Cervical cancer (CC) is a common cancer that causes considerable morbidity and mortality, especially in developing countries. Bone marrow stromal cell antigen 2 (BST2) is a transmembrane glycoprotein, and its promoter methylation has been extensively documented in numerous human cancers. Nevertheless, the specific role of BST2 in CC remains unclear. This research utilized methylation-specific PCR (MSP), Western blotting, and RT-qPCR to evaluate the expression and DNA methylation levels of BST2 in CC tissues and cells. The role of STAT1 in regulating BST2 transcription was confirmed through dual-luciferase reporter assays and chromatin immunoprecipitation (ChIP) assays.
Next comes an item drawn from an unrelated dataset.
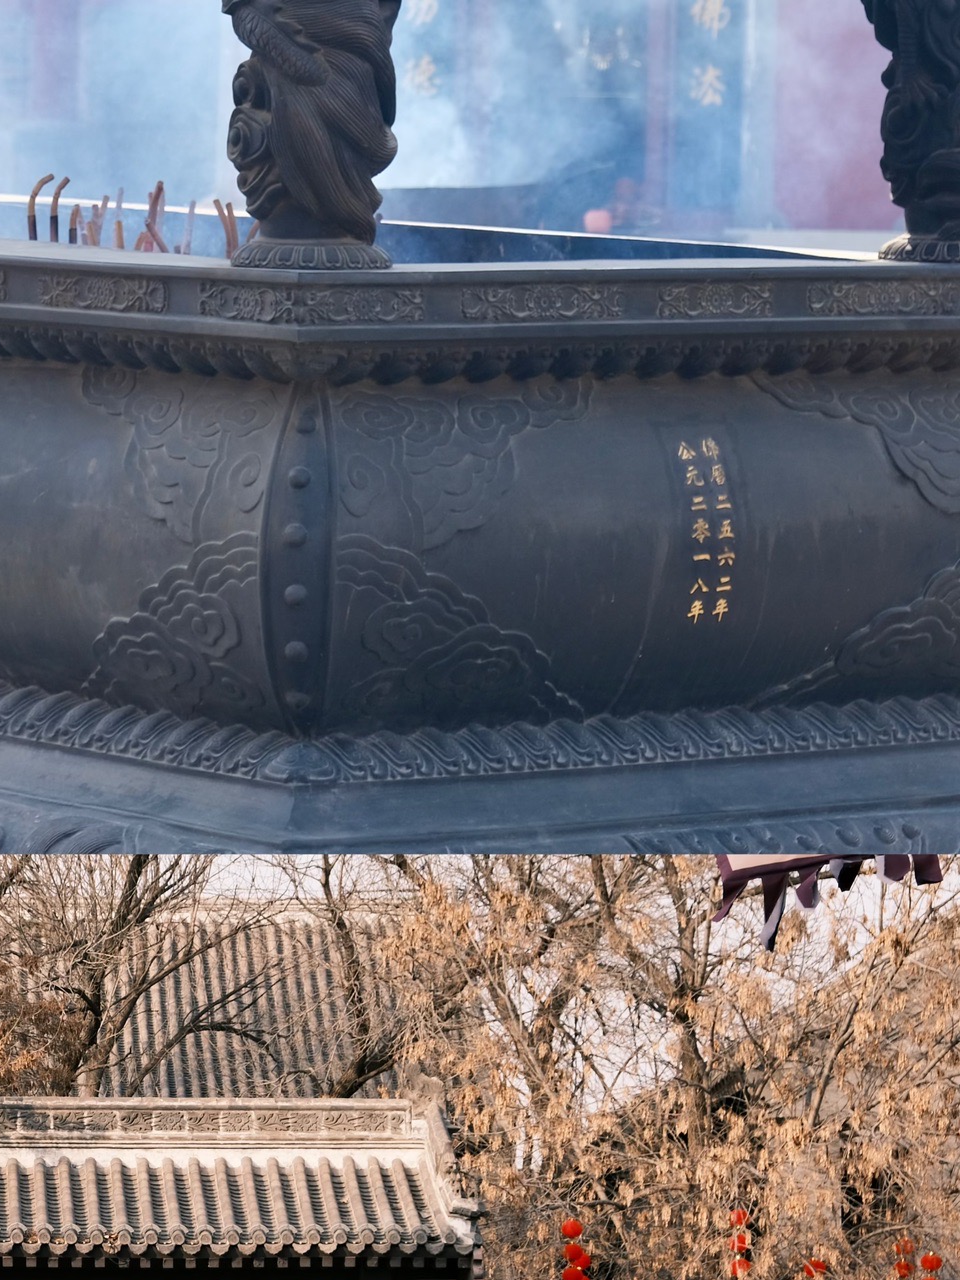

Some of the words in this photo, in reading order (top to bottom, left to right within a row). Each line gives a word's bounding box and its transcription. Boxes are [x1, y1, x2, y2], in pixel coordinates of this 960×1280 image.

[678, 441, 712, 624] 公元二零一八年
Furthermore, we conducted experiments on cell proliferation, apoptosis, epithelial-mesenchymal transition (EMT), and xenograft tumor models to investigate the functional role and regulatory mechanisms of BST2 in CC, both in vitro and in vivo. We found that BST2 was increased in CC tissues and cells, promoting cell proliferation and EMT while inhibiting apoptosis. Mechanistically, BST2 upregulation was associated with hypomethylation of its promoter, potentially regulated by DNMT3a and DNMT3b. Furthermore, the transcription factor STAT1 was found to bind to the BST2 promoter, positively regulating its expression and thereby accelerating tumorigenesis in CC. Silencing BST2 significantly reduced tumor growth in vivo. Our findings highlight BST2 as a potential biomarker and therapeutic target in CC, with its expression regulated by DNA methylation and STAT1 binding.